### WORK INSTRUCTION
The answer must be an exact copy of every record.

### GIVEN INFORMATION ###

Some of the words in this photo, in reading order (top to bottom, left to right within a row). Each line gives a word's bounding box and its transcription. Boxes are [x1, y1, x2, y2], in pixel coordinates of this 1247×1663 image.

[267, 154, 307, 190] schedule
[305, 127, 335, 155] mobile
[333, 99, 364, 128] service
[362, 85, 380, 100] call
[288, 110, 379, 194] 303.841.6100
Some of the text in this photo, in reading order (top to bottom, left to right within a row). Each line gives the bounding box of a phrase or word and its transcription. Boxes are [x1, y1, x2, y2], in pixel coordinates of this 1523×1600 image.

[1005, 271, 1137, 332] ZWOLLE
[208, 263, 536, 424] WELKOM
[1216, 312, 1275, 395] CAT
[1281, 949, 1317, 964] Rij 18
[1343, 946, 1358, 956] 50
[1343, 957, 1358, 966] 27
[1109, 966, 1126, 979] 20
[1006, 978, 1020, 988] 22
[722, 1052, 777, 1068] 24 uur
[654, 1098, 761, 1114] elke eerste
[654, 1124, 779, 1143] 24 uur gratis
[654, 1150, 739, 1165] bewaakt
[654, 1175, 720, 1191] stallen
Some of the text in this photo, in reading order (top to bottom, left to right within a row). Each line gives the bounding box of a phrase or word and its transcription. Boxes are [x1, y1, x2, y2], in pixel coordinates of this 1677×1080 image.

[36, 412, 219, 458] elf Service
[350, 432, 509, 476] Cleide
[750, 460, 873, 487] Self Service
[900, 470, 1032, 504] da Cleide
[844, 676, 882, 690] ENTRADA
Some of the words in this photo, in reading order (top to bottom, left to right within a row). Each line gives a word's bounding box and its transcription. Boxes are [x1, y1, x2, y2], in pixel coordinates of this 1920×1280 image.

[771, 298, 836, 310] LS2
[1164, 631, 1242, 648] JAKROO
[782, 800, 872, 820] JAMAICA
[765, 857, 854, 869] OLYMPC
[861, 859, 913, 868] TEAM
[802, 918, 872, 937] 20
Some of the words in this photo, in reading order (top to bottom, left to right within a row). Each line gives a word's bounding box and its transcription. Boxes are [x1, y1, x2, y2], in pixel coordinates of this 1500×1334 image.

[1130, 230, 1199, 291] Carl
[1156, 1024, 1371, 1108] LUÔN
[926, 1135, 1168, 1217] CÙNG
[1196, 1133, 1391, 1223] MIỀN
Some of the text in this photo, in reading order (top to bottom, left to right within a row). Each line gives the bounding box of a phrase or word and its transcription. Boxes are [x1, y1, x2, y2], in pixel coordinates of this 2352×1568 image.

###

### ANSWER TO THIS TASK
Some of the words in this photo, in reading order (top to bottom, left to right within a row). Each line gives a word's bounding box and its transcription. Boxes are [x1, y1, x2, y2], in pixel coordinates of this 1247×1663 image.

[267, 154, 307, 190] schedule
[305, 127, 335, 155] mobile
[333, 99, 364, 128] service
[362, 85, 380, 100] call
[288, 110, 379, 194] 303.841.6100
Some of the text in this photo, in reading order (top to bottom, left to right within a row). Each line gives the bounding box of a phrase or word and its transcription. Boxes are [x1, y1, x2, y2], in pixel coordinates of this 1523×1600 image.

[1005, 271, 1137, 332] ZWOLLE
[208, 263, 536, 424] WELKOM
[1216, 312, 1275, 395] CAT
[1281, 949, 1317, 964] Rij 18
[1343, 946, 1358, 956] 50
[1343, 957, 1358, 966] 27
[1109, 966, 1126, 979] 20
[1006, 978, 1020, 988] 22
[722, 1052, 777, 1068] 24 uur
[654, 1098, 761, 1114] elke eerste
[654, 1124, 779, 1143] 24 uur gratis
[654, 1150, 739, 1165] bewaakt
[654, 1175, 720, 1191] stallen
Some of the text in this photo, in reading order (top to bottom, left to right within a row). Each line gives the bounding box of a phrase or word and its transcription. Boxes are [x1, y1, x2, y2], in pixel coordinates of this 1677×1080 image.

[36, 412, 219, 458] elf Service
[350, 432, 509, 476] Cleide
[750, 460, 873, 487] Self Service
[900, 470, 1032, 504] da Cleide
[844, 676, 882, 690] ENTRADA
Some of the words in this photo, in reading order (top to bottom, left to right within a row). Each line gives a word's bounding box and its transcription. Boxes are [x1, y1, x2, y2], in pixel coordinates of this 1920×1280 image.

[771, 298, 836, 310] LS2
[1164, 631, 1242, 648] JAKROO
[782, 800, 872, 820] JAMAICA
[765, 857, 854, 869] OLYMPC
[861, 859, 913, 868] TEAM
[802, 918, 872, 937] 20
Some of the words in this photo, in reading order (top to bottom, left to right within a row). Each line gives a word's bounding box and its transcription. Boxes are [x1, y1, x2, y2], in pixel coordinates of this 1500×1334 image.

[1130, 230, 1199, 291] Carl
[1156, 1024, 1371, 1108] LUÔN
[926, 1135, 1168, 1217] CÙNG
[1196, 1133, 1391, 1223] MIỀN
Some of the text in this photo, in reading order (top to bottom, left to right within a row). Each line gives the bounding box of a phrase or word and its transcription. Boxes are [x1, y1, x2, y2], in pixel coordinates of this 2352×1568 image.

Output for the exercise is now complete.